PROVIDED INFORMATION =>
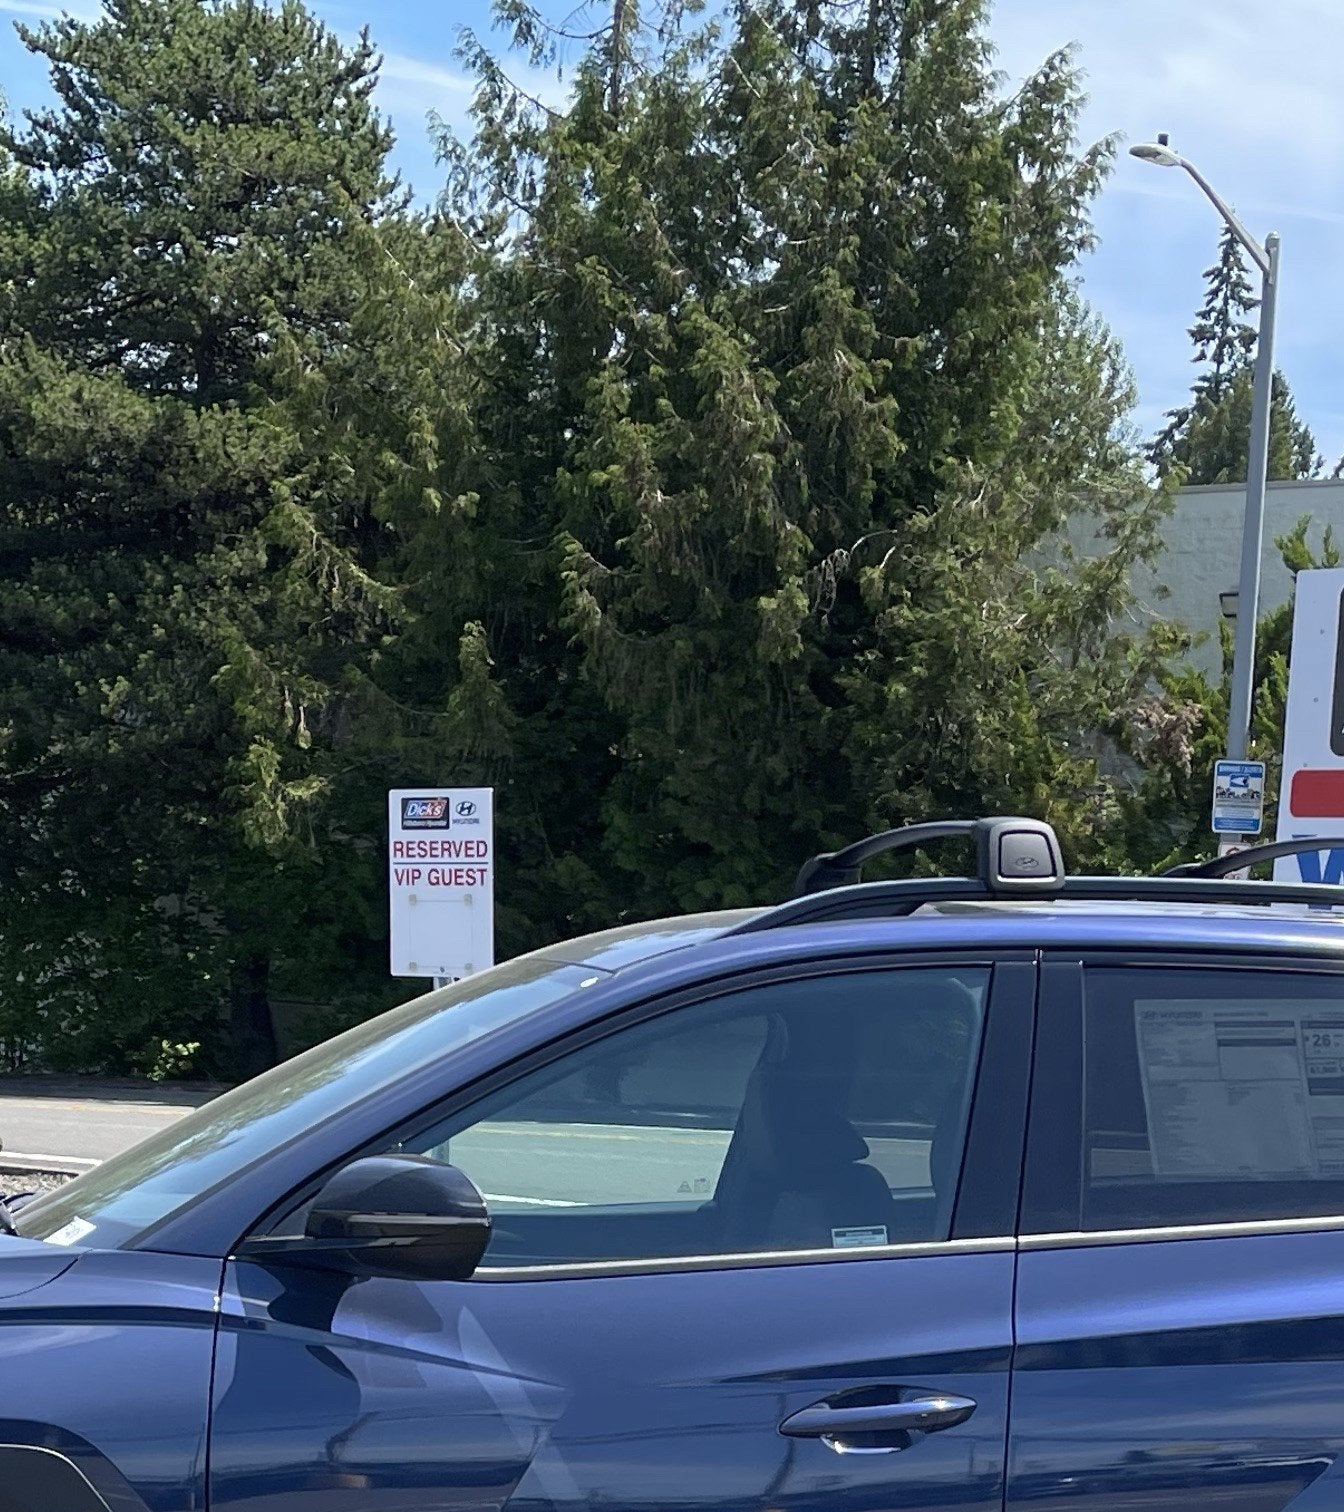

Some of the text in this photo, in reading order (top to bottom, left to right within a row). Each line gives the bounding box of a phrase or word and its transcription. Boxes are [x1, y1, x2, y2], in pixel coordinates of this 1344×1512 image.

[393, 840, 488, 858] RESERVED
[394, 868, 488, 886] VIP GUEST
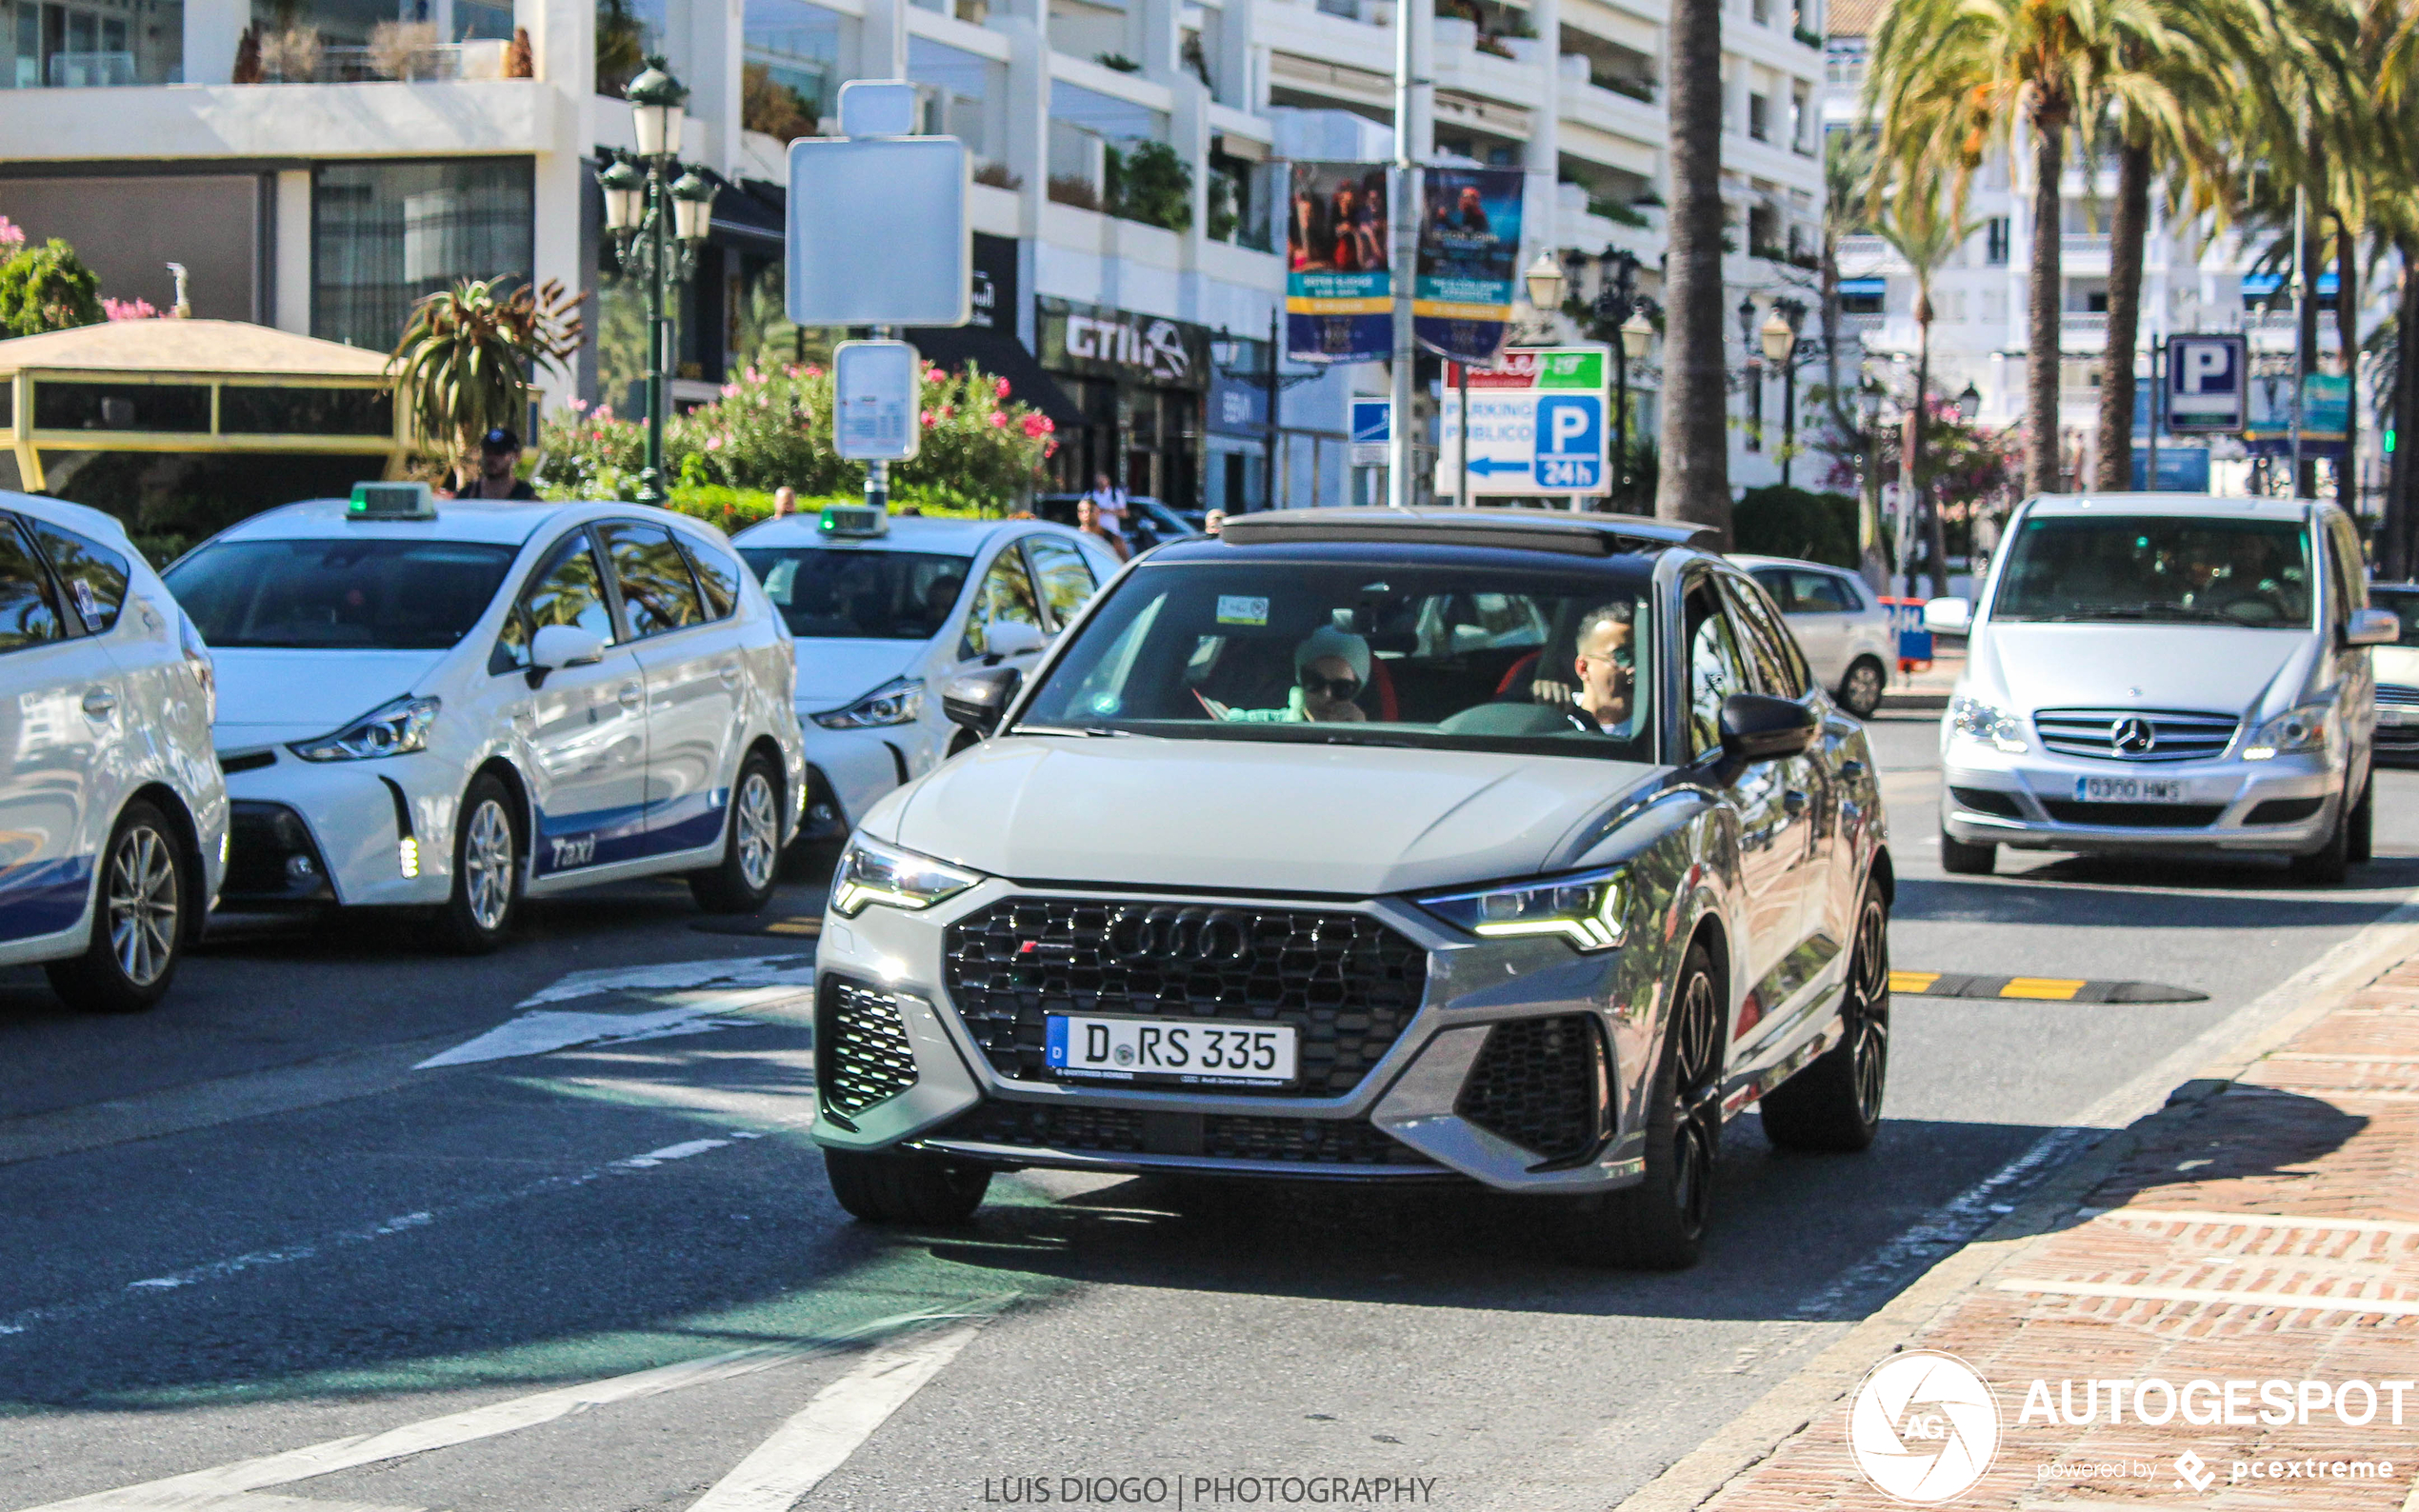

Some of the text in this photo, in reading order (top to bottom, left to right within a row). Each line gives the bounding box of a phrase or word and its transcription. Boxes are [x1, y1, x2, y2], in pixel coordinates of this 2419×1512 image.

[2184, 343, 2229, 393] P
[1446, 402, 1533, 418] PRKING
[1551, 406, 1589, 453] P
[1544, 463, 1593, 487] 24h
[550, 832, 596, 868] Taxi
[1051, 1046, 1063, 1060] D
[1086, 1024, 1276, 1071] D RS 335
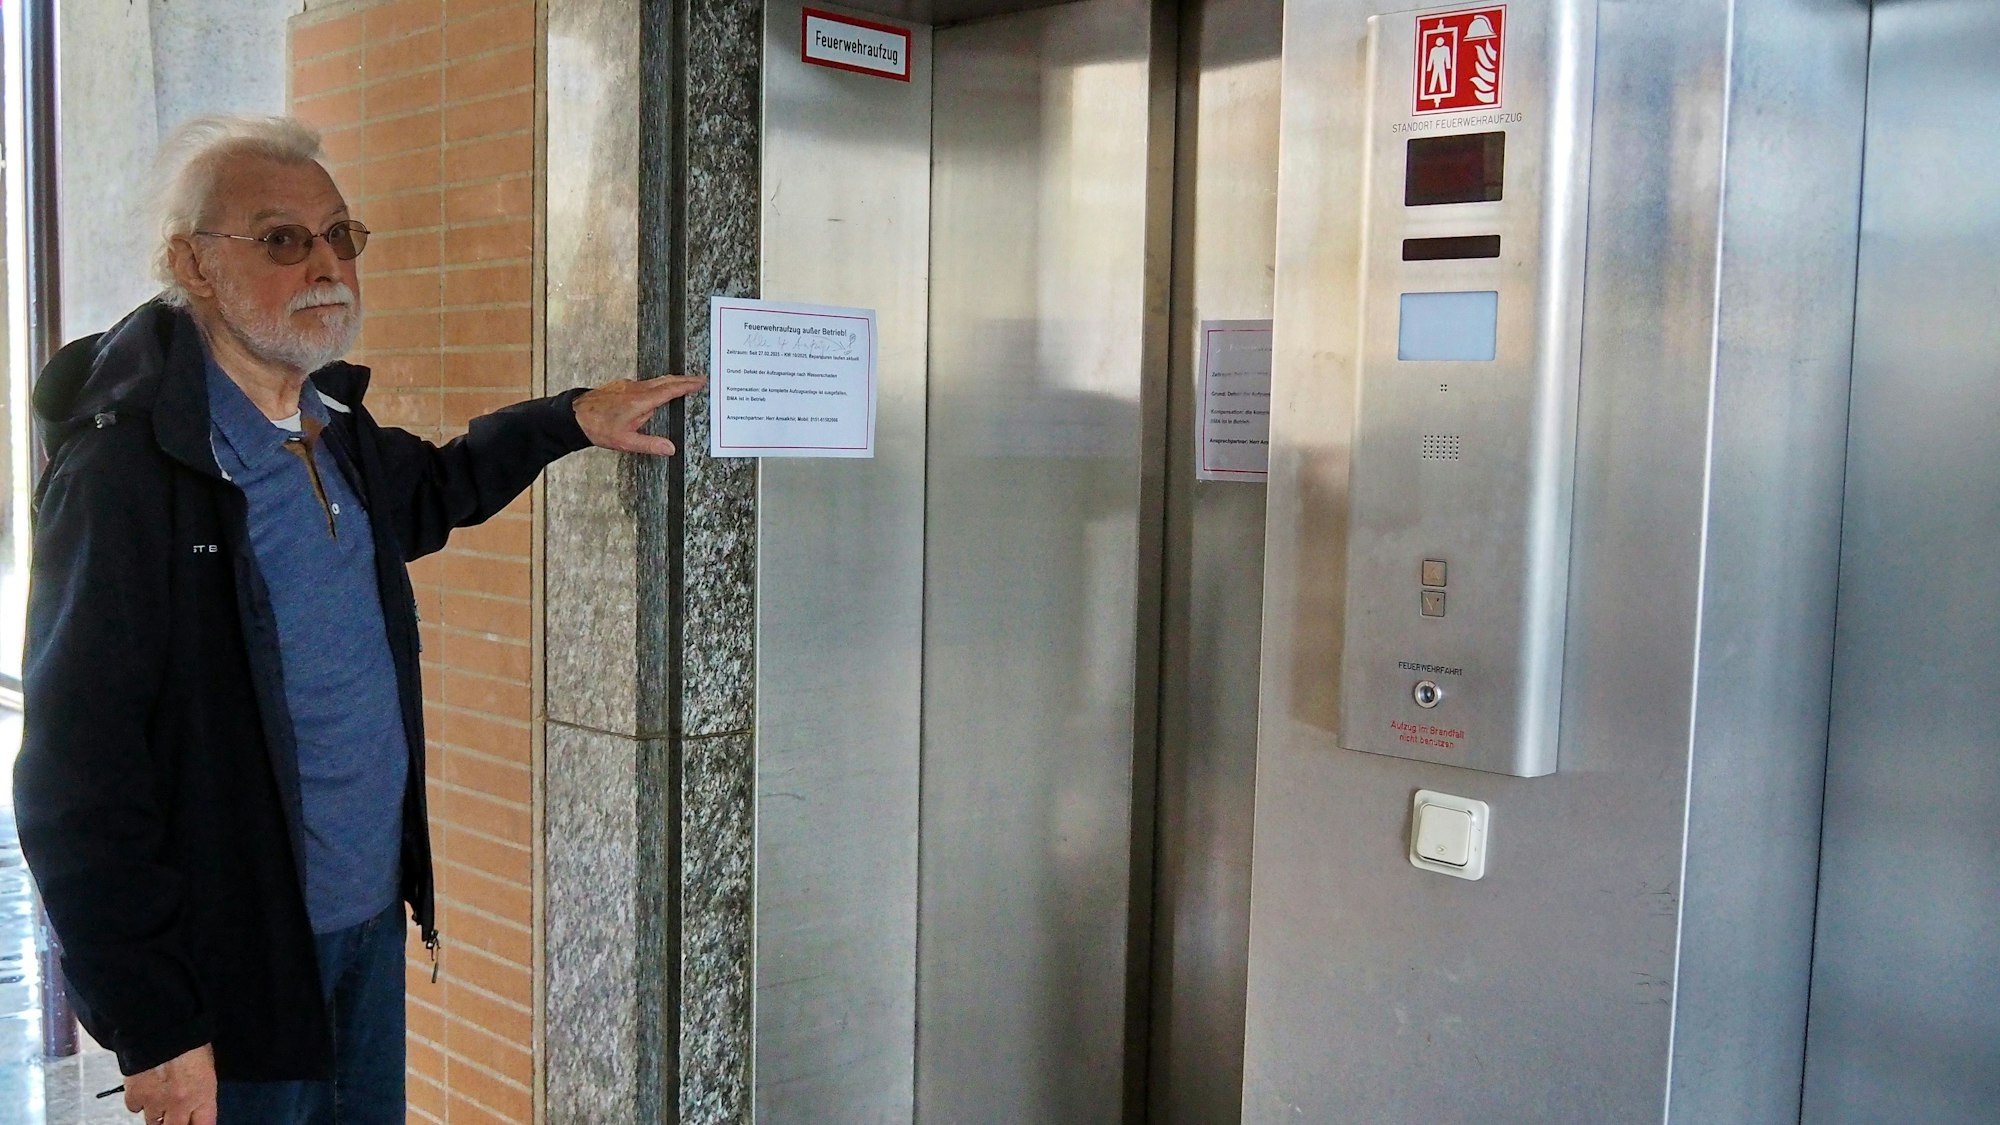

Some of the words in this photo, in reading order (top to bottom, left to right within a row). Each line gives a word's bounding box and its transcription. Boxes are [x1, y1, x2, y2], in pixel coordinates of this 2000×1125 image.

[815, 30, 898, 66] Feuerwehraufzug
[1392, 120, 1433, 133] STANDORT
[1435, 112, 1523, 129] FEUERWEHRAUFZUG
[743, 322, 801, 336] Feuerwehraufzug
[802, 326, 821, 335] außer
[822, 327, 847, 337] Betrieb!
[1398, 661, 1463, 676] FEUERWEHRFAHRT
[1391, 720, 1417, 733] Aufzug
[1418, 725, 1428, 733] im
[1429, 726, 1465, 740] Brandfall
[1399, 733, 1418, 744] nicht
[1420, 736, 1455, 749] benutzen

PROBLEM REQUIREMENTS => Your copy must match the records above word for word and contain no pictures.

SOLUTION TO THE EXERCISE =>
Some of the text in this photo, in reading order (top to bottom, left to right within a row). Each line gives the bounding box of a phrase or word and its transcription. Boxes are [x1, y1, x2, y2], in pixel coordinates of this 1344×1512 image.

[393, 840, 488, 858] RESERVED
[394, 868, 488, 886] VIP GUEST

Some of the text in this photo, in reading order (top to bottom, left to right within a row). Each line gives the bounding box of a phrase or word and its transcription. Boxes are [x1, y1, x2, y2], in pixel coordinates of this 2419×1512 image.

[2184, 343, 2229, 393] P
[1446, 402, 1533, 418] PRKING
[1551, 406, 1589, 453] P
[1544, 463, 1593, 487] 24h
[550, 832, 596, 868] Taxi
[1051, 1046, 1063, 1060] D
[1086, 1024, 1276, 1071] D RS 335

Some of the words in this photo, in reading order (top to bottom, left to right within a row). Each line gives a word's bounding box and its transcription. Boxes are [x1, y1, x2, y2], in pixel coordinates of this 2000×1125 image.

[815, 30, 898, 66] Feuerwehraufzug
[1392, 120, 1433, 133] STANDORT
[1435, 112, 1523, 129] FEUERWEHRAUFZUG
[743, 322, 801, 336] Feuerwehraufzug
[802, 326, 821, 335] außer
[822, 327, 847, 337] Betrieb!
[1398, 661, 1463, 676] FEUERWEHRFAHRT
[1391, 720, 1417, 733] Aufzug
[1418, 725, 1428, 733] im
[1429, 726, 1465, 740] Brandfall
[1399, 733, 1418, 744] nicht
[1420, 736, 1455, 749] benutzen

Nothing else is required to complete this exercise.